For years now, I've used a simple but effective way to generate passwords that are easy to remember but impossible to crack. I select a pair of random words from a dictionary and combine them, sometimes with a number or symbol separating them.
Earlier this week I found a large (109582 words) word list file on the net, and decided to automate the process.
I wrote a dirt simple Mac application that generates passwords using 2 randomly selected words, separated with a number between 1 and 99. Since the word list is 109582 words, the total number of possible passwords is 109582 * 109582 * 99, or 1,188,813,257,676. That's over 1 TRILLION possible combinations.
I decided to post the app here as a tutorial. It's a Mac app instead of an iOS app, but just about all of the techniques it uses are exactly the same between Mac OS and iOS.
You can download the project from my mobileMe public folder at the following link:
Password generator project
The app demonstrates a number of useful things:
- Converting a text file into a binary plist.
- Reading a plist file into an array.
- Using arc4random to select items from an arbitrary sized array of objects.
- Using a data container singleton to share data between objects in a project
- Using a shared utilities (singleton) class to collect common utilities functions. The utilities class includes both class methods (which you can call without having to create an instance of the utilities class) and instance methods.
Running the project requires a word list to work. I wrote it to use a word list file that I found on the web at
SIL International. Click that link to download the file..
The terms of use say that you are free to use the file for non-commercial use, but may not republish it without written permission. Thus, you'll need to download the file yourself and drag it to your documents folder before running the program for the first time.
The project is written with an "if (TRUE)" statement that runs a one time setup method that converts the text file into a binary plist.
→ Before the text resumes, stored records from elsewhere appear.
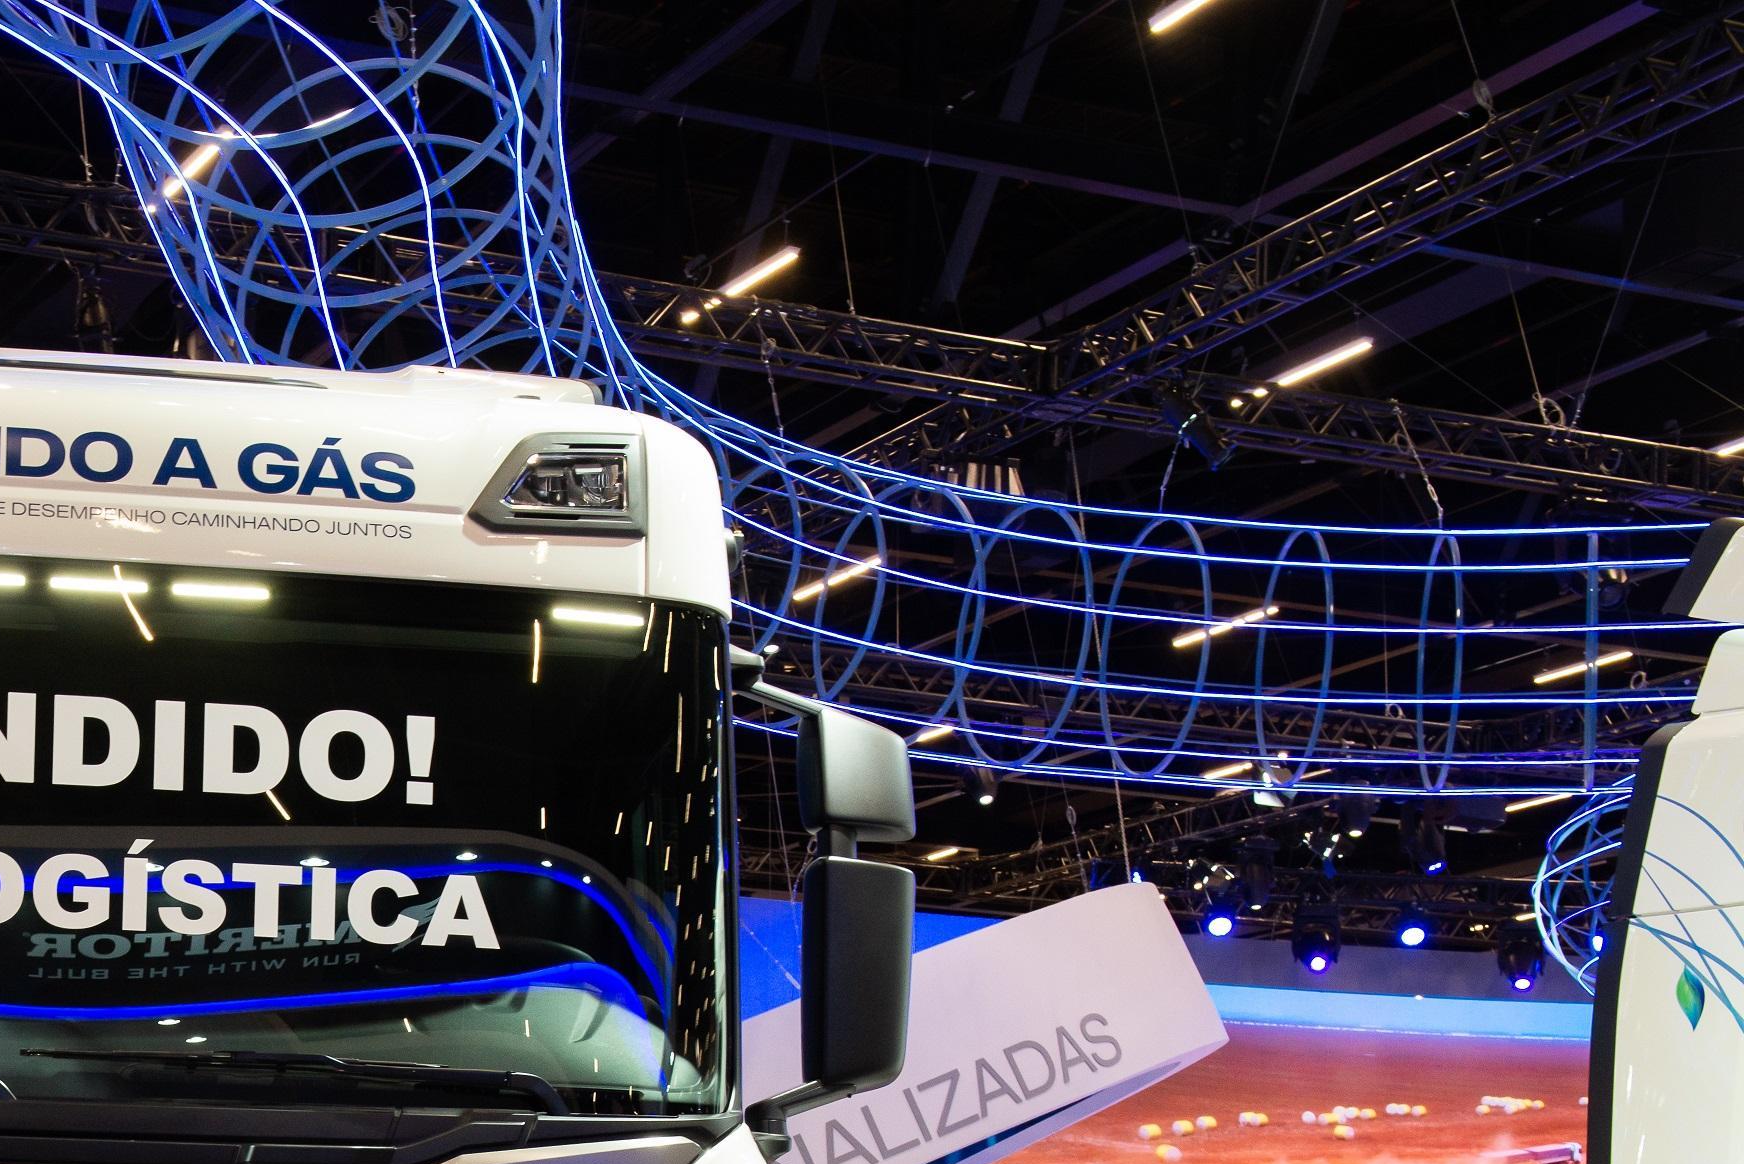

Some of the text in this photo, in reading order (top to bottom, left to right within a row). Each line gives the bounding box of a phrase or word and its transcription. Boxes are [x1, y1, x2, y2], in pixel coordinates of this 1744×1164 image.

[152, 437, 218, 489] A
[237, 437, 416, 503] GÁS
[11, 501, 166, 525] DESEMPENHO
[171, 511, 321, 534] CAMINHANDO
[325, 521, 413, 539] JUNTOS
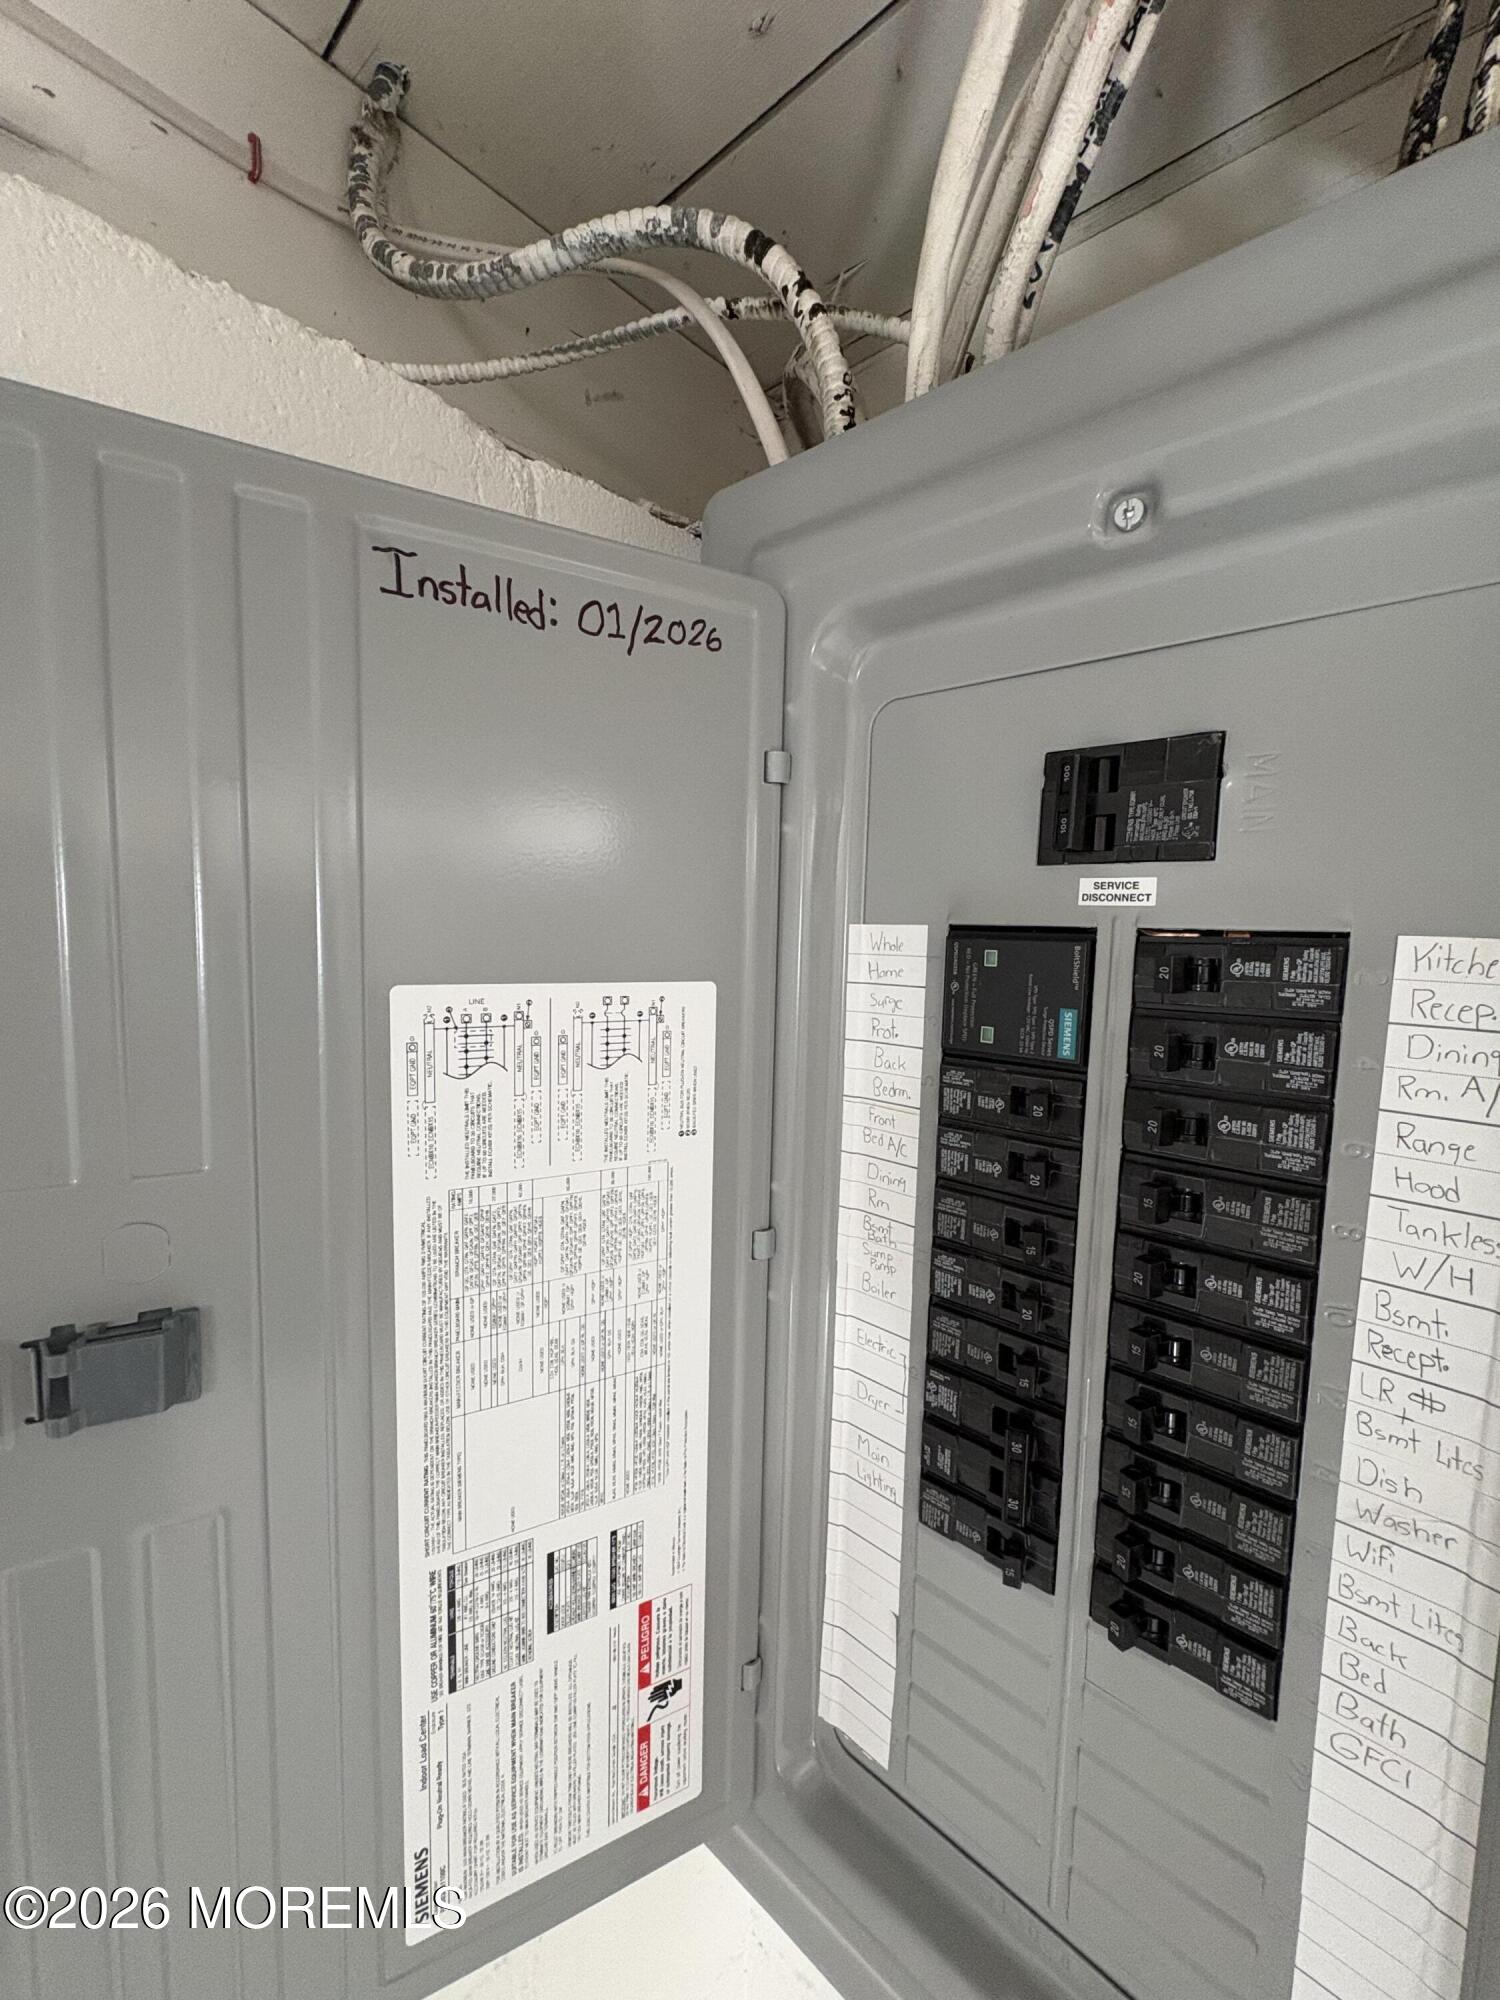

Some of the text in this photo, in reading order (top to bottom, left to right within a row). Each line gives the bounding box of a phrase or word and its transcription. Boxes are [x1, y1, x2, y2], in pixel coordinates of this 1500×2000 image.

[371, 545, 723, 656] Installed: 01/2026
[1063, 765, 1071, 783] 100
[1060, 817, 1068, 834] 100
[1081, 893, 1152, 902] DISCONNECT
[1093, 881, 1140, 890] SERVICE
[870, 931, 904, 953] Whole
[868, 961, 904, 981] Home
[1159, 966, 1170, 980] 20
[870, 993, 903, 1013] Surge
[1411, 988, 1497, 1031] Recep.
[871, 1017, 899, 1040] Prot.
[1062, 1011, 1073, 1056] SIEMENS
[874, 1046, 907, 1071] Back
[1154, 1045, 1165, 1059] 20
[409, 1073, 417, 1090] EQPT
[1399, 1075, 1448, 1101] Rm.
[868, 1108, 896, 1129] Front
[1032, 1105, 1044, 1117] 20
[863, 1126, 884, 1147] Bed
[1147, 1120, 1158, 1134] 20
[1396, 1121, 1477, 1165] Range
[867, 1162, 907, 1193] Dining
[1030, 1174, 1040, 1186] 20
[1394, 1166, 1460, 1203] Hood
[868, 1187, 890, 1211] Rm
[1144, 1198, 1154, 1209] 15
[1026, 1246, 1036, 1256] 15
[861, 1271, 897, 1300] Boiler
[1133, 1272, 1144, 1286] 20
[1392, 1250, 1474, 1296] W/H
[1022, 1308, 1032, 1321] 20
[1375, 1289, 1449, 1340] Bsmt.
[857, 1327, 896, 1359] Electric
[1131, 1344, 1141, 1356] 15
[1367, 1327, 1449, 1378] Recept.
[856, 1380, 891, 1411] Dryer
[1019, 1378, 1030, 1388] 15
[1360, 1371, 1395, 1404] LR
[1356, 1410, 1421, 1454] Bsmt
[857, 1434, 890, 1467] Main
[1011, 1441, 1022, 1454] 30
[1357, 1456, 1423, 1504] Dish
[1007, 1498, 1019, 1510] 30
[1356, 1498, 1457, 1550] Washer
[1338, 1572, 1400, 1619] Bsmt
[429, 1615, 437, 1648] ALUMINUM
[641, 1615, 650, 1661] PELIGRO
[1338, 1615, 1408, 1670] Back
[430, 1650, 437, 1660] OR
[430, 1662, 438, 1688] COPPER
[1339, 1651, 1387, 1694] Bed
[430, 1689, 438, 1703] USE
[437, 1715, 446, 1730] Type
[1336, 1691, 1406, 1749] Bath
[419, 1714, 428, 1791] Indoor Load Center
[640, 1741, 649, 1784] DANGER
[413, 1847, 430, 1924] SIEMENS
The program expects the source file to be named wordsEn.txt, and saved in the documents directory for the current user on your Mac.
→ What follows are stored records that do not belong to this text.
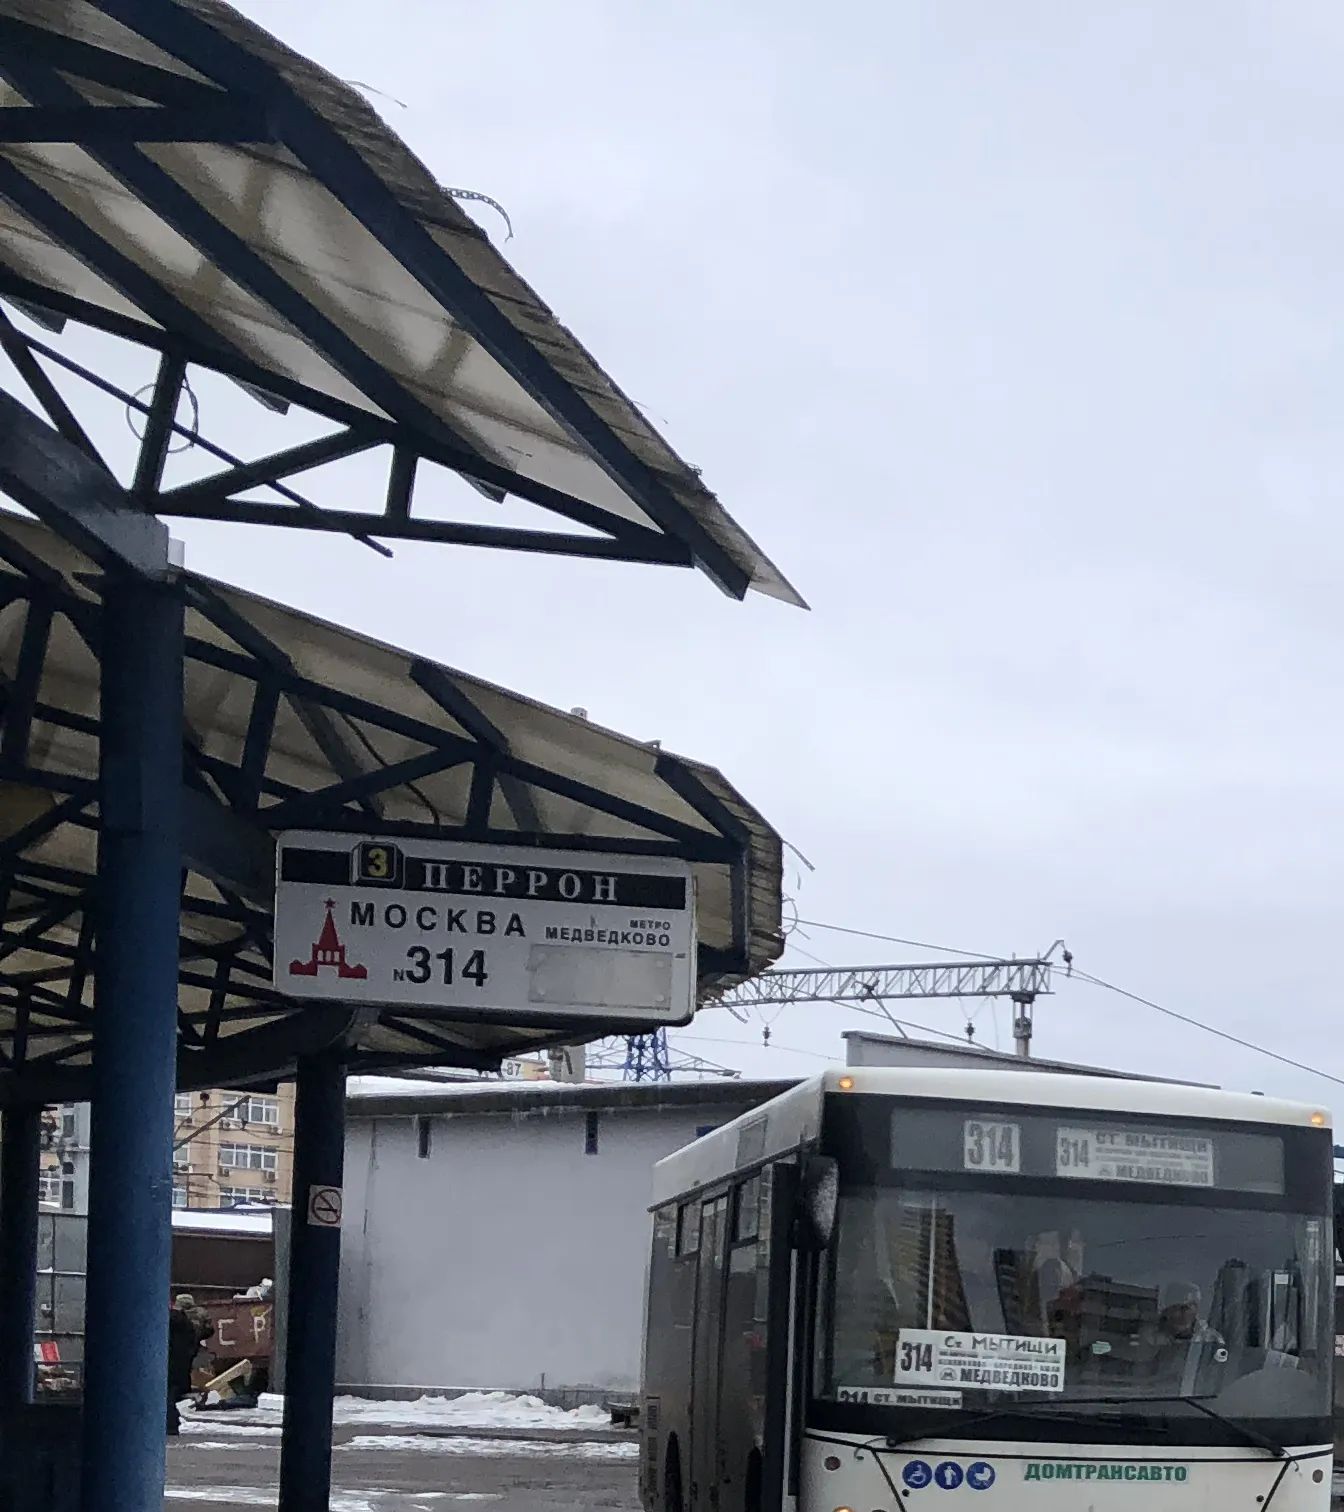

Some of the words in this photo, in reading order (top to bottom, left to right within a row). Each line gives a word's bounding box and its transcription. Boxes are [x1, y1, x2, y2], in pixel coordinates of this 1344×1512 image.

[367, 847, 388, 877] 3
[422, 861, 619, 901] ПЕРРОН
[349, 901, 527, 938] МОСКВА
[629, 918, 671, 932] МЕТРО
[544, 925, 671, 948] МЕДВЕДКОВО
[968, 1122, 1015, 1167] 314
[1059, 1137, 1089, 1168] 314
[900, 1341, 933, 1372] 314
[972, 1336, 1057, 1355] МЫТИЩИ
[960, 1368, 1059, 1388] МЕДВЕДКОВО
[1024, 1463, 1187, 1481] ДОМТРАНСАВТО
Once you run the program once, it puts up an alert telling you that the plist file has been created. You will then need to drag the plist file into your project's "supporting files" group and click the "copy items into destination group's folder (if needed)" checkbox in the dialog that XCode displays. This will cause XCode to include the plist file in your app bundle.
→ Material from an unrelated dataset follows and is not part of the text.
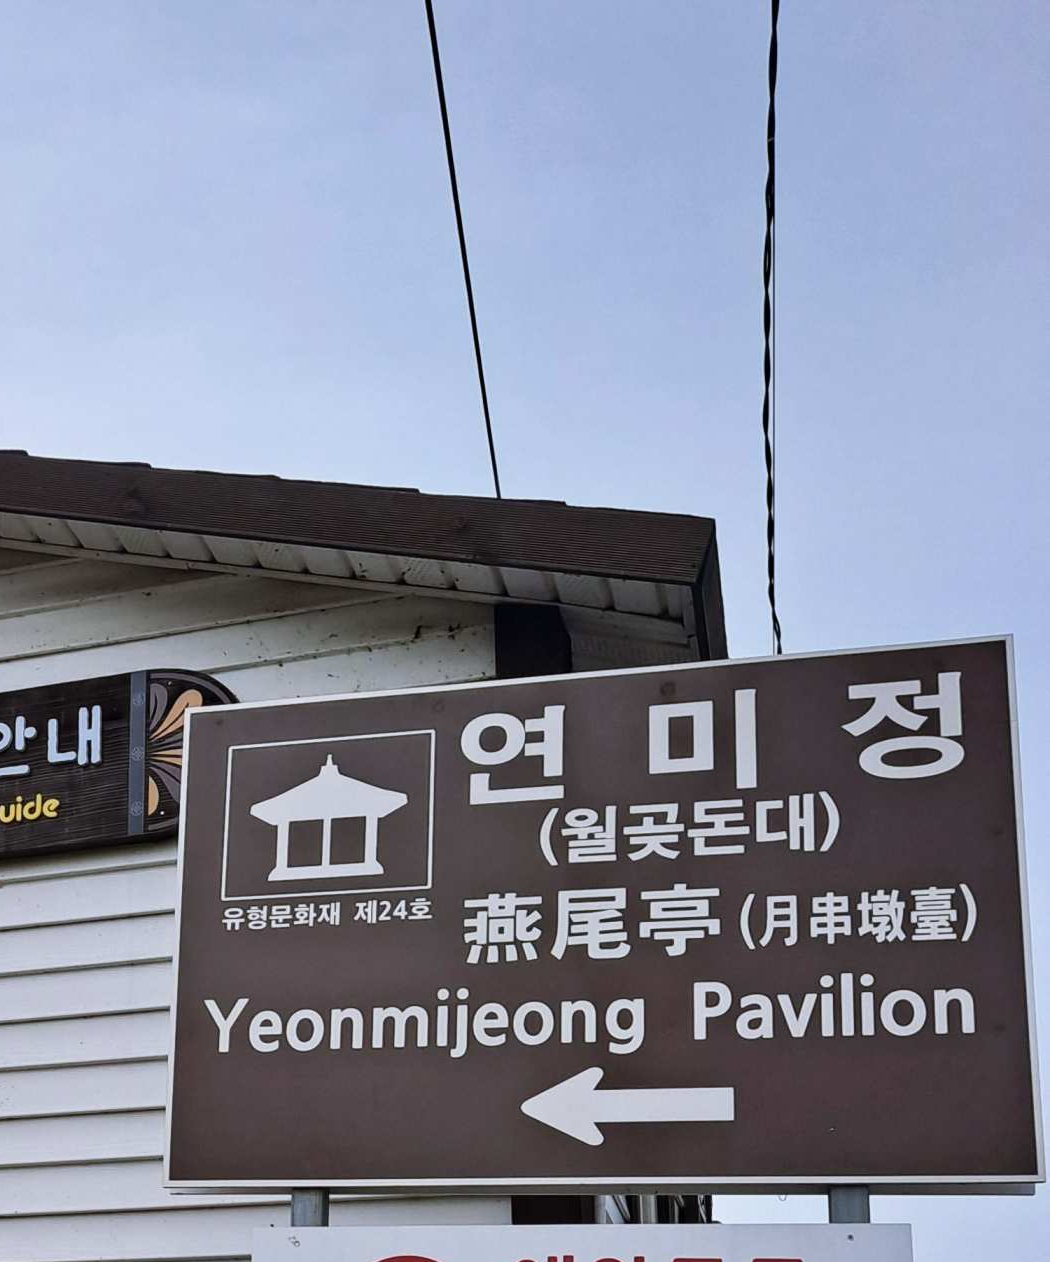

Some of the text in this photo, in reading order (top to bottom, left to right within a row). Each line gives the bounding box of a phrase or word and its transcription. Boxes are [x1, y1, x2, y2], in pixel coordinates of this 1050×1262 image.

Once you've copied over the plist file into your project, go to the app delegate and search for "if (TRUE)". Change that line to "if (FALSE)" and the program will no longer create the word list plist file, but will instead try to open the plist file from the bundle at startup.
The program converts the word list into a BINARY plist because binary plists are MUCH faster and MUCH smaller than XML plists. That's an important point for iOS apps, since iOS devices are both slower than Macs and very memory/disk starved. Take a look at the code that saves and loads the plist file. It uses class methods from the NSPropertyListSerialization class instead of the normal NSArray writeToFile:atomically and arrayWithContentsOfFile methods.
The program uses a data container singleton class so it can share data between it's different objects. This is more as a tutorial than anything, since this app really only has an app delegate, and that's about it. The data container singleton class is called DataContainerSingleton. It has a class method theDataContainerSingleton that lets you get to the data container object from any object in your app, using code like this:
[DataContainerSingleton theDataContainerSingleton].someProperty
If you want to make some value visible from your entire application, simply add a property to the data container singleton object, and read/write to the property using the above syntax. That's all there is to it.